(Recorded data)
=== Section Start ===
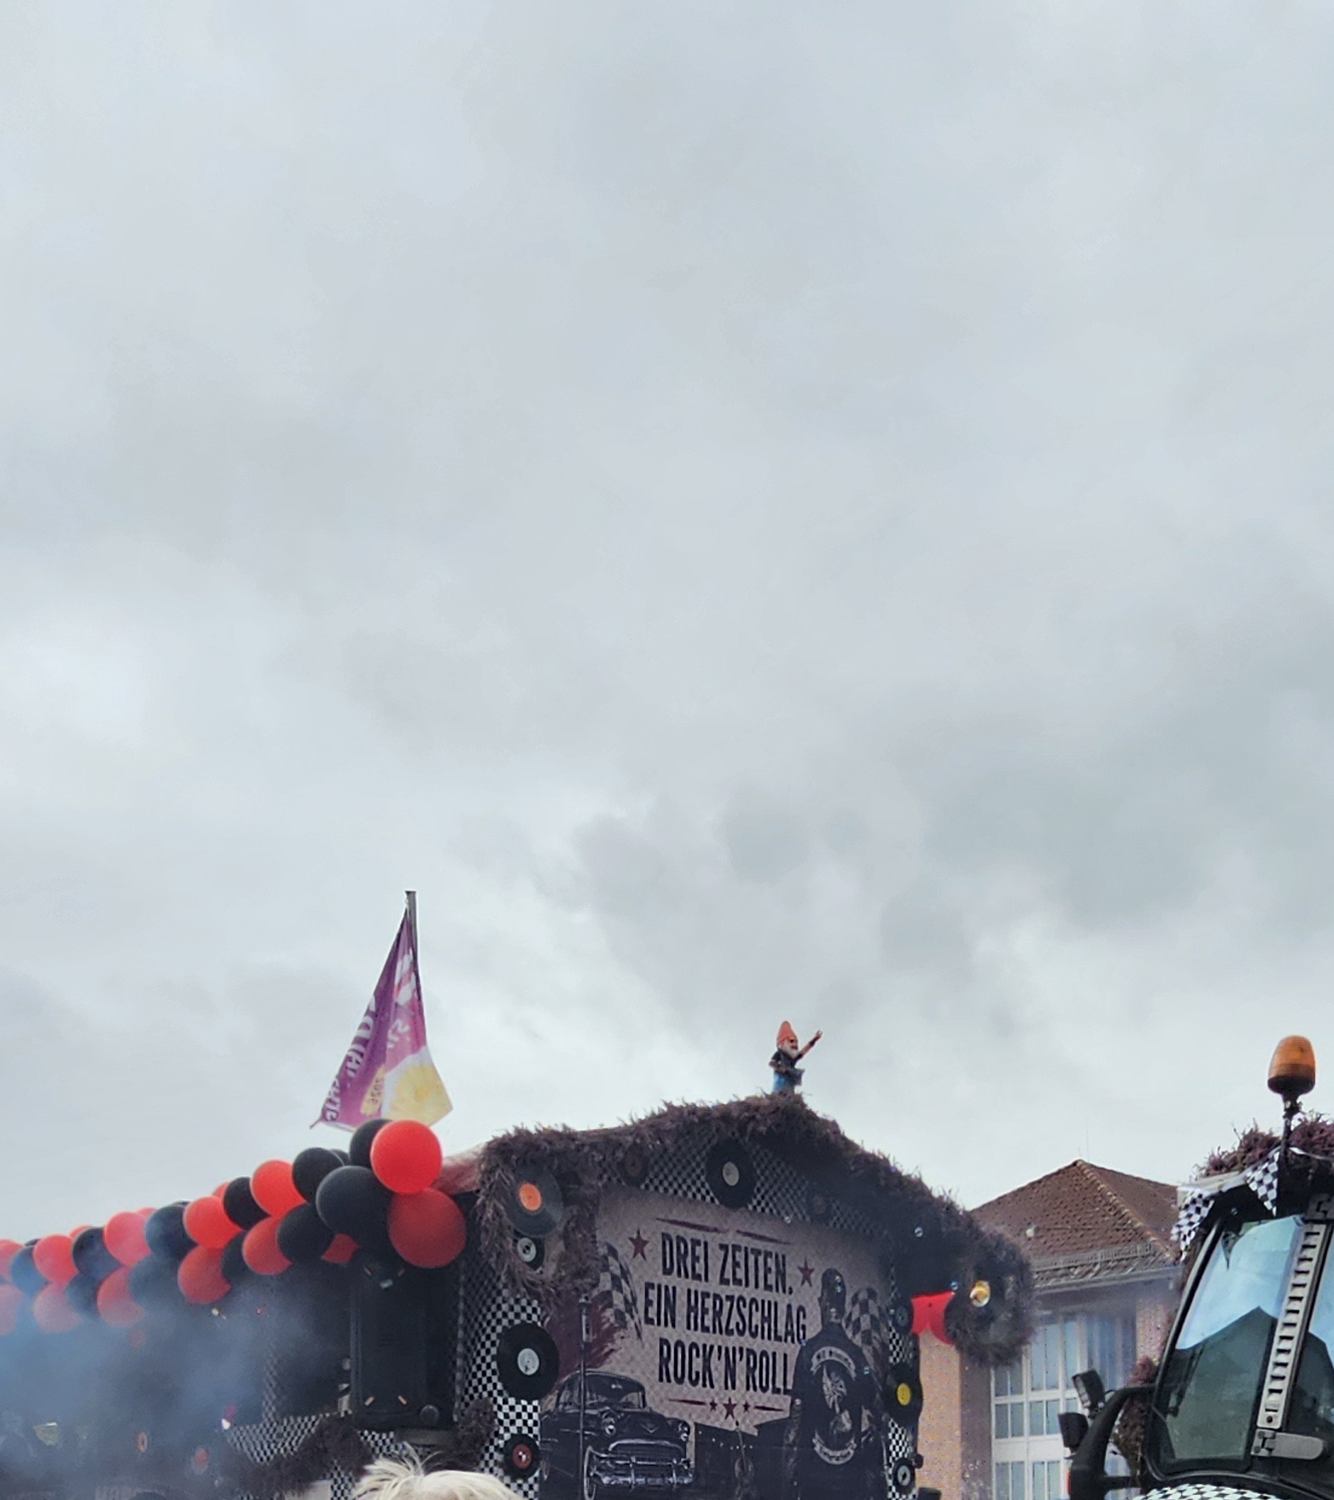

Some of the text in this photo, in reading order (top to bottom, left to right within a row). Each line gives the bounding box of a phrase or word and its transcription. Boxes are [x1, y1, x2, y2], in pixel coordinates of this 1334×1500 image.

[661, 1232, 710, 1283] DREI
[643, 1281, 807, 1345] EIN HERZSCHLAG
[658, 1336, 793, 1396] ROCK'N'ROLL
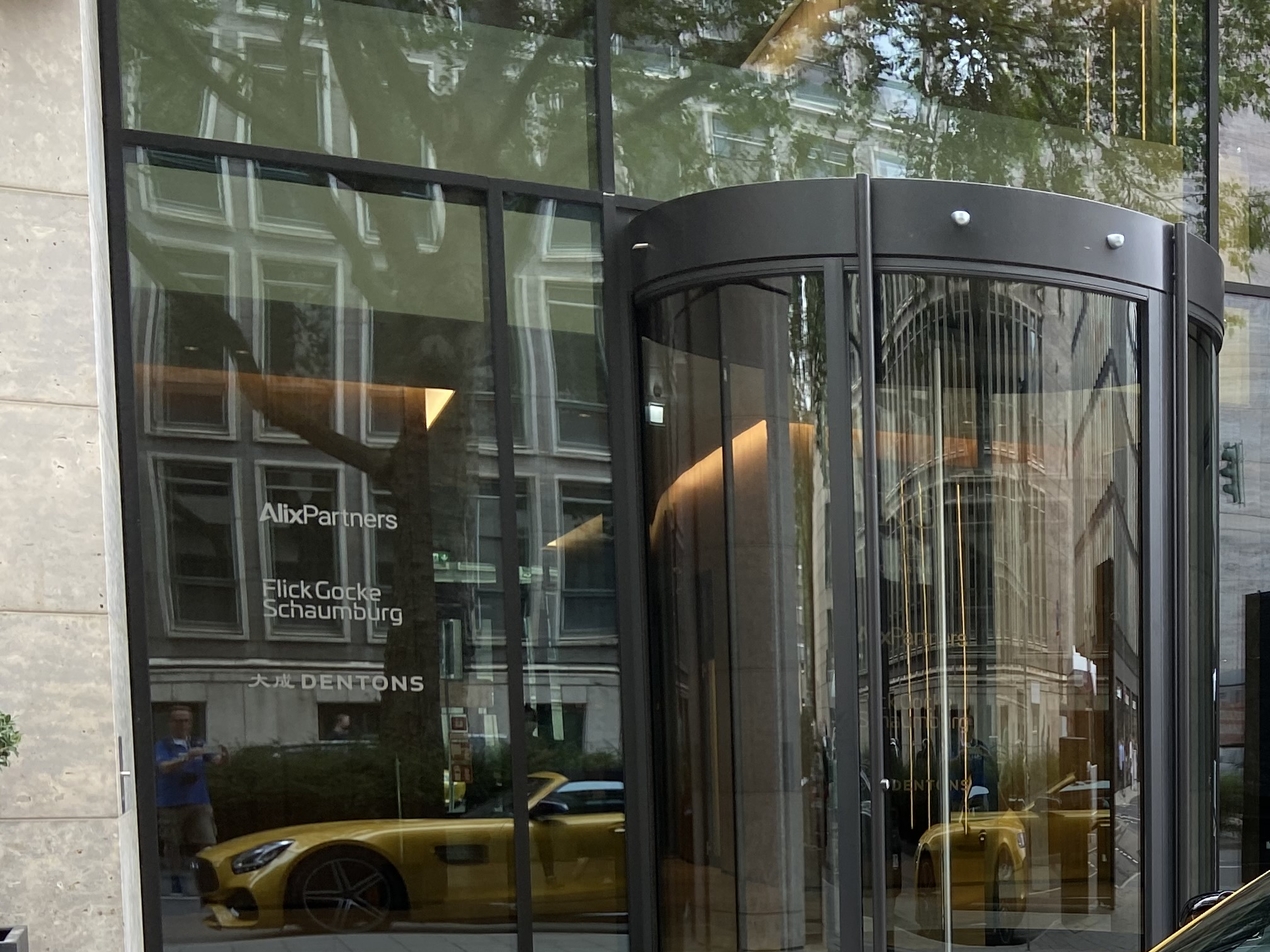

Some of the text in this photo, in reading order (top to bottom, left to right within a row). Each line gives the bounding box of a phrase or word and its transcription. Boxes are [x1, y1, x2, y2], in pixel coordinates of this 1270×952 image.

[259, 502, 398, 530] AlixPartners
[263, 578, 382, 602] Flick Gocke
[263, 599, 403, 627] Schaumburg
[301, 673, 424, 692] DENTONS
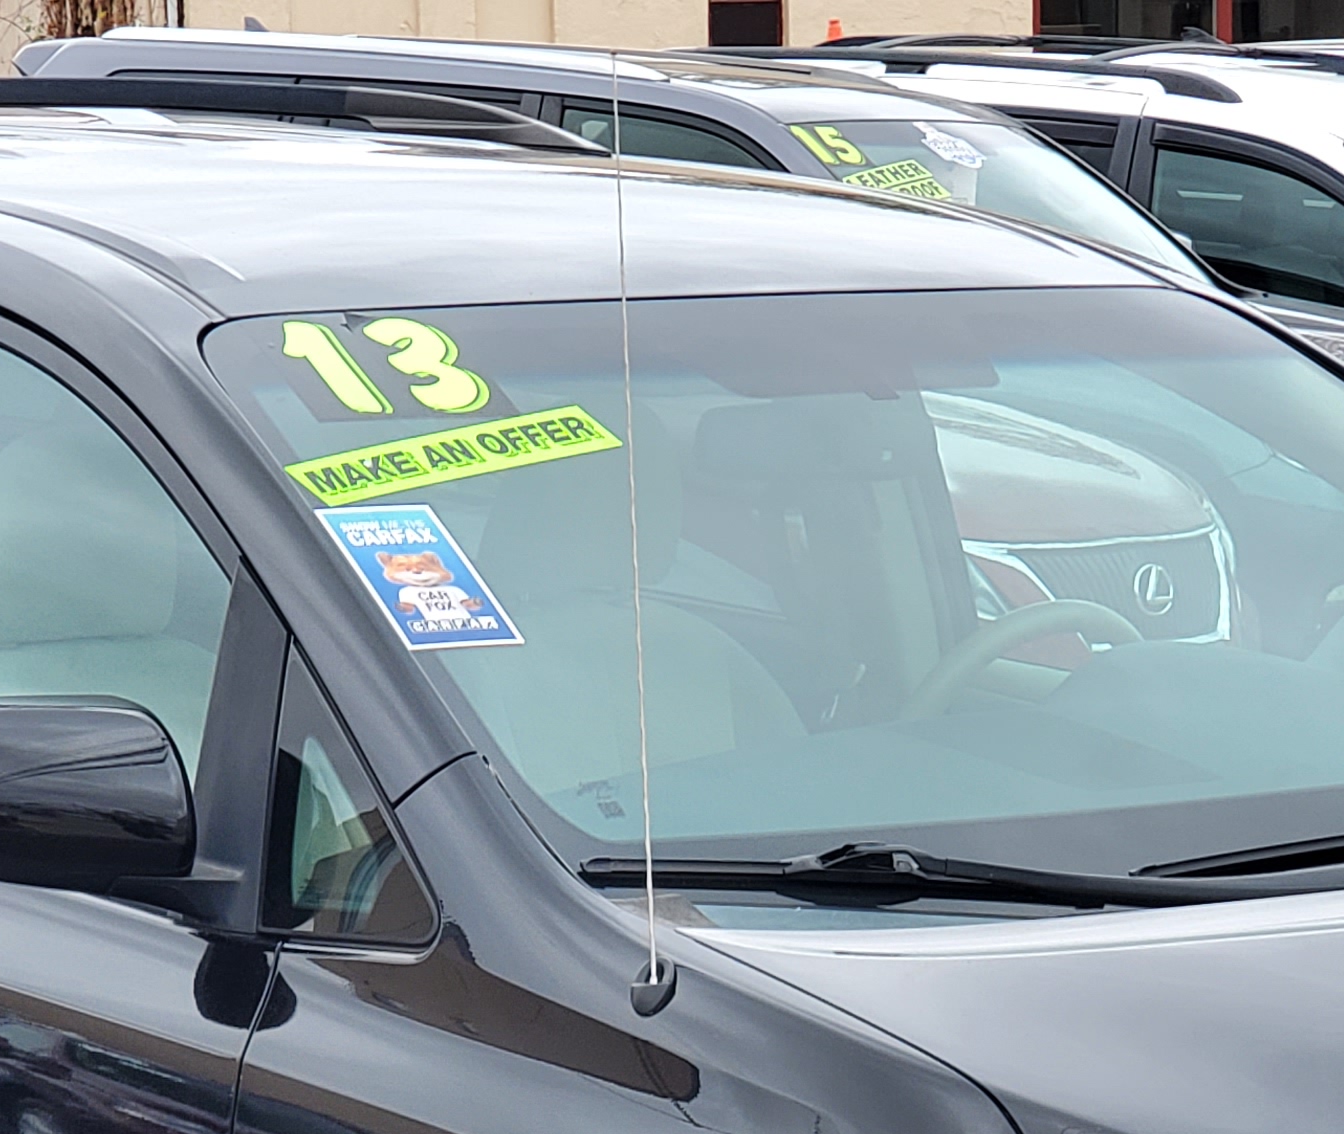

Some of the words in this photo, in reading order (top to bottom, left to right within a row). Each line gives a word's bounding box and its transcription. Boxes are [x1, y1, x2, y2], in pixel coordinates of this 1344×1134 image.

[789, 124, 867, 165] 15
[281, 316, 491, 415] 13
[304, 448, 424, 498] MAKE
[420, 437, 478, 473] AN
[475, 415, 597, 459] OFFER
[347, 527, 439, 547] CARFAX
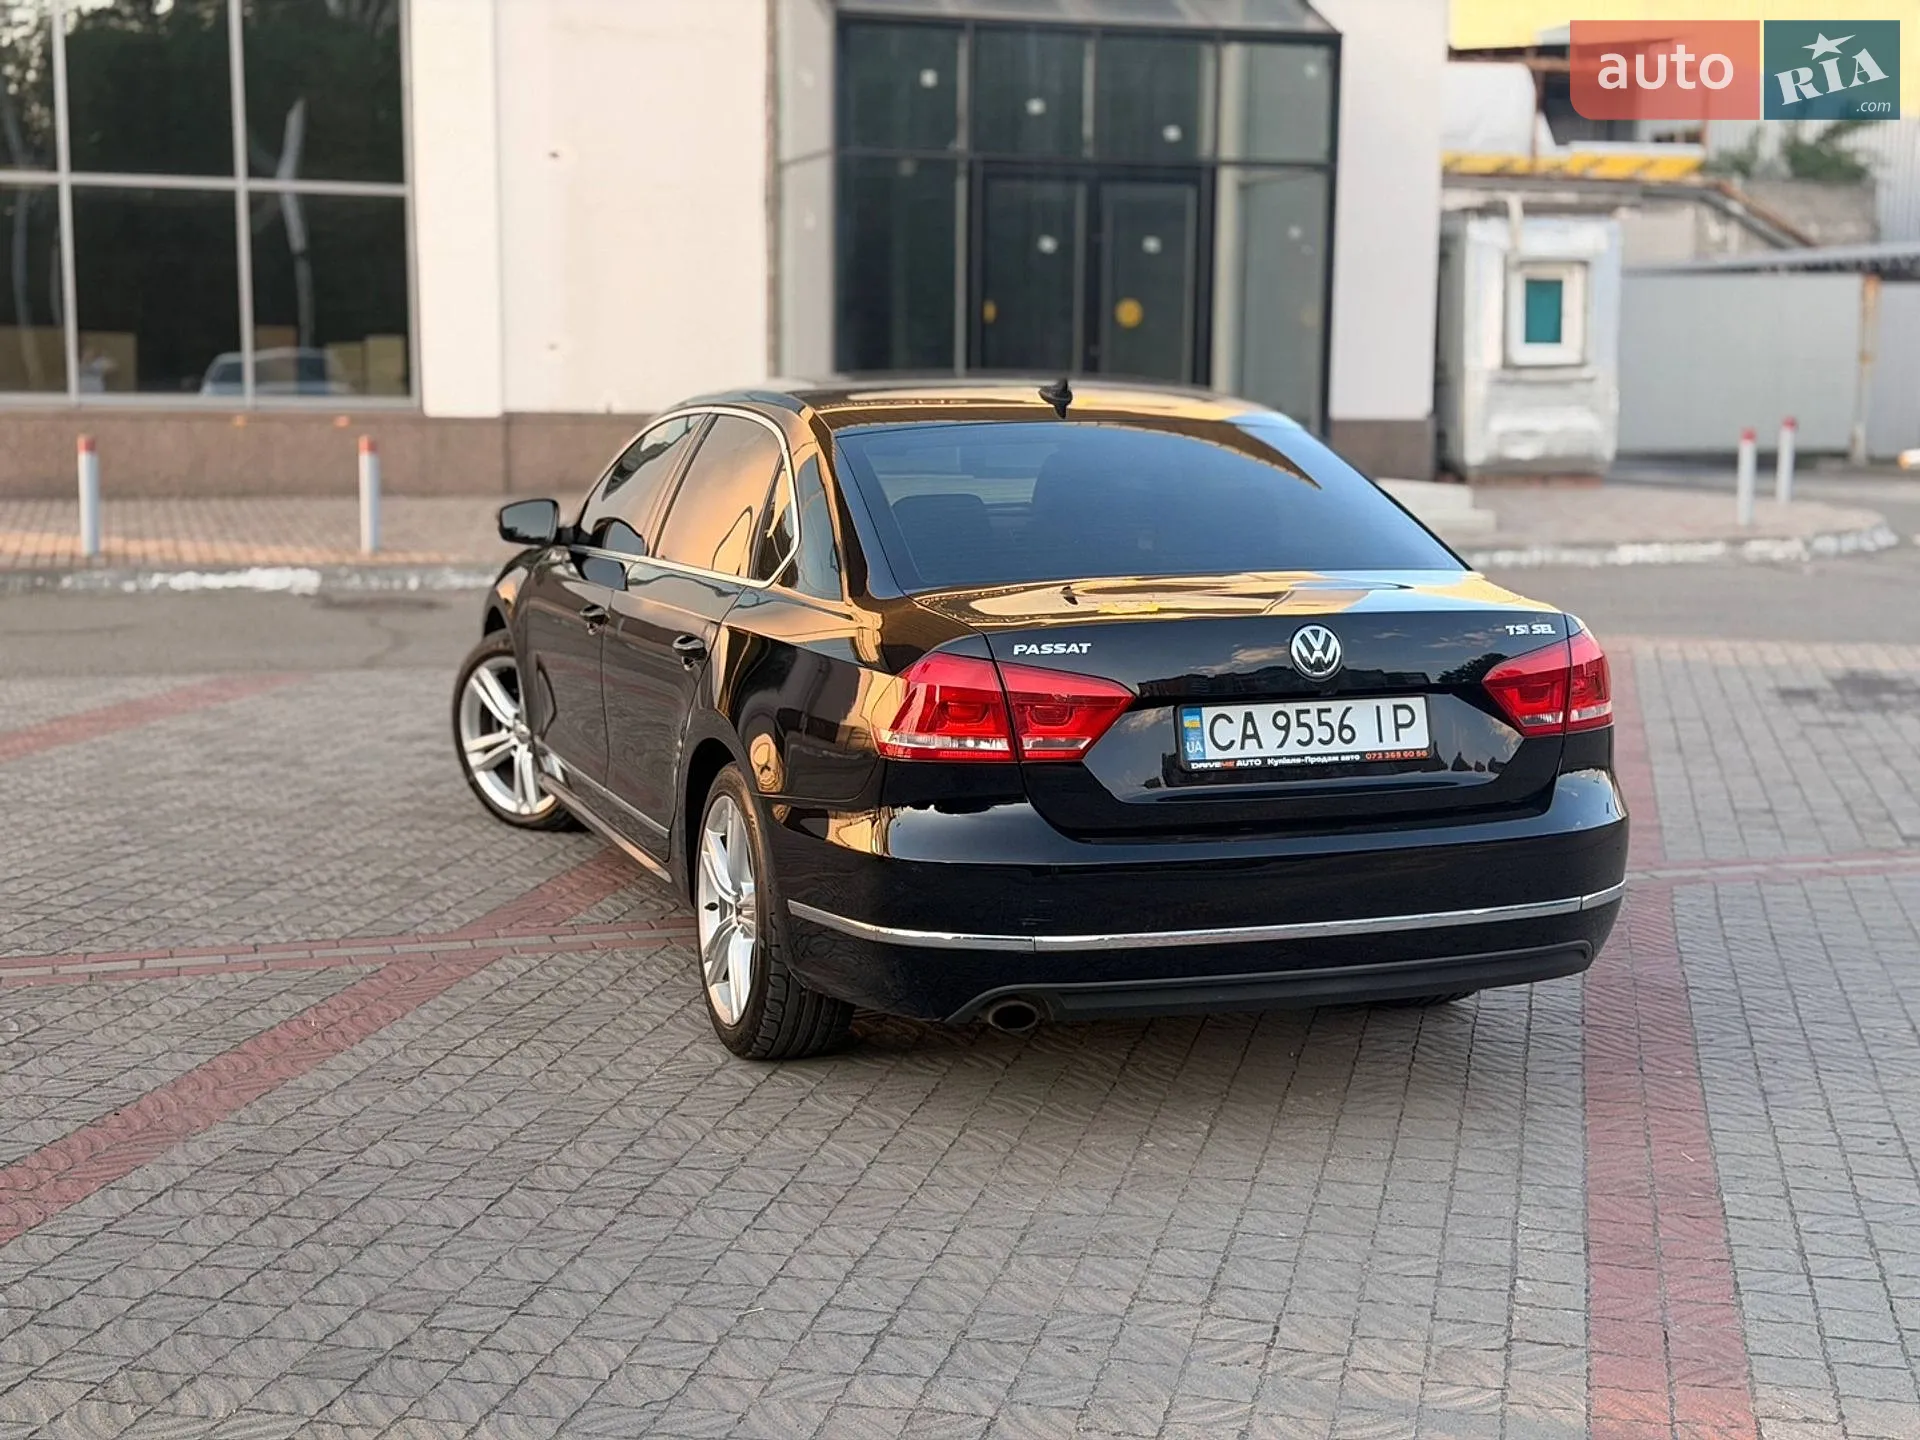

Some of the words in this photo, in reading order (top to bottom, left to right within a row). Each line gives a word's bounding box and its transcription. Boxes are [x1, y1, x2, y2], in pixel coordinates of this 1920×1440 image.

[1531, 623, 1556, 635] SEL
[1013, 642, 1092, 655] PASSAT
[1209, 711, 1264, 752] CA
[1272, 706, 1356, 749] 9556
[1375, 703, 1416, 743] IP
[1186, 741, 1204, 753] UA
[1236, 758, 1262, 767] AUTO
=== Section End ===
**Work instructions:** The data must be printed exactly, image-free.

**Exercise output:**
Some of the text in this photo, in reading order (top to bottom, left to right within a row). Each line gives the bounding box of a phrase or word and its transcription. Boxes are [x1, y1, x2, y2], in pixel coordinates of this 1334×1500 image.

[661, 1232, 710, 1283] DREI
[643, 1281, 807, 1345] EIN HERZSCHLAG
[658, 1336, 793, 1396] ROCK'N'ROLL

Some of the text in this photo, in reading order (top to bottom, left to right within a row). Each line gives the bounding box of a phrase or word and its transcription. Boxes are [x1, y1, x2, y2], in pixel coordinates of this 1270×952 image.

[259, 502, 398, 530] AlixPartners
[263, 578, 382, 602] Flick Gocke
[263, 599, 403, 627] Schaumburg
[301, 673, 424, 692] DENTONS

Some of the words in this photo, in reading order (top to bottom, left to right within a row). Each line gives a word's bounding box and its transcription. Boxes are [x1, y1, x2, y2], in pixel coordinates of this 1344×1134 image.

[789, 124, 867, 165] 15
[281, 316, 491, 415] 13
[304, 448, 424, 498] MAKE
[420, 437, 478, 473] AN
[475, 415, 597, 459] OFFER
[347, 527, 439, 547] CARFAX

Some of the words in this photo, in reading order (top to bottom, left to right within a row). Each line gives a word's bounding box and its transcription. Boxes are [x1, y1, x2, y2], in pixel coordinates of this 1920×1440 image.

[1531, 623, 1556, 635] SEL
[1013, 642, 1092, 655] PASSAT
[1209, 711, 1264, 752] CA
[1272, 706, 1356, 749] 9556
[1375, 703, 1416, 743] IP
[1186, 741, 1204, 753] UA
[1236, 758, 1262, 767] AUTO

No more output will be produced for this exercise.